My estimate is actually that there is more to do for the back end than for stanc3.
For example

  • I am assuming we want ragged arrays to be used with Stan Math function that accept 2+D arrays?
    If we do, we need to test that all Stan Math functions that take in real[,,], real[,,,],…, vector[,], vector[,], … and all other 2+ dimensional arrays work with ragged arrays. This is mostly checking that apply_* stuff in Stan Math works with std::vectors of std::vectors of unequal length. We need to add a bunch of tests. In Math we have at least some basic tests for all the functions currently used in Stan. If we dont for any of them, its not intentional.
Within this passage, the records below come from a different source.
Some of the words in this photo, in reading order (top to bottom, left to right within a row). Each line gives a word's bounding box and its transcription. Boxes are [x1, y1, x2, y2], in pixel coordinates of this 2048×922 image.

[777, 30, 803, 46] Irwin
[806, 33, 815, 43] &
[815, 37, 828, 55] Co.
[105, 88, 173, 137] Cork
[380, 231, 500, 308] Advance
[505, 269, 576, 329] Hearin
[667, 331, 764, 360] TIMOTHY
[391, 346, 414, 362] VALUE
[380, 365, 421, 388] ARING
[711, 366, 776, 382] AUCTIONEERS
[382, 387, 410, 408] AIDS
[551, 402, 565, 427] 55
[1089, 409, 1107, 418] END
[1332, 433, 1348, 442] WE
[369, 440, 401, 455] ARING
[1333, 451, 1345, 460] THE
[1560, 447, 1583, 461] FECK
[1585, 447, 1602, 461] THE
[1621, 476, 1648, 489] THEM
  • check that lub_constrain and other constrain functions support ragged arrays, add tests

  • JSON I/O changes +? Rdump I/O if also required (we havent deprecated it officially for cmdstan which is the only interface that uses it, we should though) - this should be somewhat straightforward

@rybern is already working on this and has a solution where you can do the following:

functions {
  // Nested array/tuple unsized types
  (int, array[] (int, real))
    f(int x, array[,] (array[] (int, int), array[,] int) x2)
  {}
}
transformed data {
  // nested array/tuple sized types and literals
  (int, real, array[2] (int, int)) a = (1, 2.5, {(1,2), (3,4)});

  // simple indexing
  int b = (1, 2.5).1;

  // sized/unsized types unify
  array[2,2] (array[2] (int, int), array[2,2] int) c;
  (int, array[3] (int, real)) d = f(2, c);

  // complex nesting indexing
  array[5] (array[10,5] (int, array[1,2,3] real), real) e;
  real f = e[5].1[10,5].2[1,2,3];
}

The PR is here: Add tuples to the language by rybern · Pull Request #675 · stan-dev/stanc3 · GitHub
There is prerequisite PR to allow

real a = 5, b = 6;
real c = 5, d, e = 7;

here: New syntax for multiple identifiers/definitions in one declaration statement by rybern · Pull Request #670 · stan-dev/stanc3 · GitHub

1 Like

totally awesome! looking forward to seeing this happen soon!

the following is valid JSON:

{
	"ragged": [
		[1, 2, 3],
		[4, 5],
		[6]
	]
}

do you mean that we need to change the CmdStan’s io::json lib? happy to help.

Yeah, I think the reading-in part should work fine as its valid JSON. I am not so sure on the var_context/json_data parts of it. Bob also mentions that in the design doc.

At minimum we need tests for var_context to see if it breaks anywhere. I think there are at least some checks that would throw somewhere.